Para explorar as características microbiológicas do SIHP, conduzimos testes de suscetibilidade aos antimicrobianos e escolhemos o gene de virulência tst que está associado à patogenicidade do S. aureus. Descobrimos que todas as 60 cepas de SIHP podem ser classificadas como cepas de MRSA e carregam o gene mecA. Os resultados dos testes de sensibilidade aos antimicrobianos mostraram que mesmo após 10 passagens, dessas 60 cepas de SIHP, os valores de MIC de linezolida e teicoplanina de apenas três cepas de SIHP mudaram pouco.No entanto, essas mudanças nos valores de MIC não influenciaram a avaliação dos resultados de suscetibilidade aos antimicrobianos. O gene de virulência tst codifica a toxina da síndrome do choque tóxico (TSST-1) (Kreiswirth, 1989). Como um superantígeno, o TSST-1 aumenta as respostas de choque e imunossupressão induzidas por endotoxinas (Kulhankova et al., 2014). O teste de PCR descobriu que todas as 60 cepas de SIHP possuíam o gene tst, sugerindo aumento da virulência. Recentemente, muitos relatórios mostraram que S. aureus poderia sobreviver em macrófagos derivados de monócitos humanos e essas cepas de S. aureus são mais virulentas (Kubica et al., 2008; Tranchemontagne et al., 2015; Münzenmayer et al., 2016; Nandi e Bishayi, 2016). Portanto, comparamos as habilidades de sobrevivência intracelular de cepas de SIHP e cepas de SCHP que é tst negativo de S. aureus em macrófagos, e descobrimos que a capacidade de sobrevivência intracelular de cepa de SIHP foi muito maior do que a cepa de S. aureus tst negativo. Além disso, a análise dos dados do paciente mostrou que o efeito da terapia anti-infecciosa na maioria dos pacientes infectados com cepas de SIHP foi pior do que em pacientes semelhantes infectados com cepas de SCHP (dados não mostrados). Nosso estudo fornece evidências experimentais preliminares para a especulação de que as cepas de SIHP possuem um potencial de alta virulência.

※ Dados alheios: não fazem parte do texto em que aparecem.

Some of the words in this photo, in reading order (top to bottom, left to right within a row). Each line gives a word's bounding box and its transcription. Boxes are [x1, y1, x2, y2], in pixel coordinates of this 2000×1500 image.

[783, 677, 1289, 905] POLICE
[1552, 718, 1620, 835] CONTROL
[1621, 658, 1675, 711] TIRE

Durante o processo de infecção de S. aureus invasivo, as moléculas associadas ao patógeno iniciam o sistema imunológico inato levando à ativação e recrutamento de neutrófilos e macrófagos e a produção de citocinas pró-inflamatórias, mais notavelmente TNF-α, IL-1β e IL-6 (Bekeredjian-Ding et al., 2015; Giai et al., 2016; Zhao et al., 2016 ) Foi relatado que a secreção de citocinas inflamatórias IL-6 aumentou com o aumento das concentrações de S. aureus (Chen et al., 2016). Além disso, os S. aureus superantigênicos são particularmente eficientes na estimulação da produção de IL-17 (Islander et al., 2010). Neste estudo, as cepas de SIHP mostraram indução significativamente maior de IL-2, IL-6 e IL-17A de macrófagos em comparação com cepas de SCHP tst negativas, o que sugere que as cepas de SIHP poderiam induzir mais secreção de citocinas contra o efeito de matar de macrófagos. Além disso, a análise de MLST mostrou que todas as cepas de SIHP foram classificadas no clone ST5. Além disso, essas cepas de SIHP foram agrupadas no tipo spa de t2460 (dados não mostrados).

Em conjunto, o SIHP pode ser um novo subconjunto de MRSA com potencial alta virulência, e mais atenção deve ser dada em controle e tratamento dessas cepas em hospitais.

Contribuições dos autores

Declaração de conflito de interesses

Os autores declaram que a pesquisa foi conduzida na ausência de qualquer comercial ou relações financeiras que podem ser interpretadas como um potencial conflito de interesses.

Agradecimentos

Este estudo foi financiado pela Fundação Nacional de Ciências Naturais da China (81572032, 81401636), a Ciência Natural Fundação para Faculdades e Universidades na província de Jiangsu (16KJB320006) e o Programa de Ciência e Tecnologia de Suzhou (SYSD2014094, SYS201551, SS201638).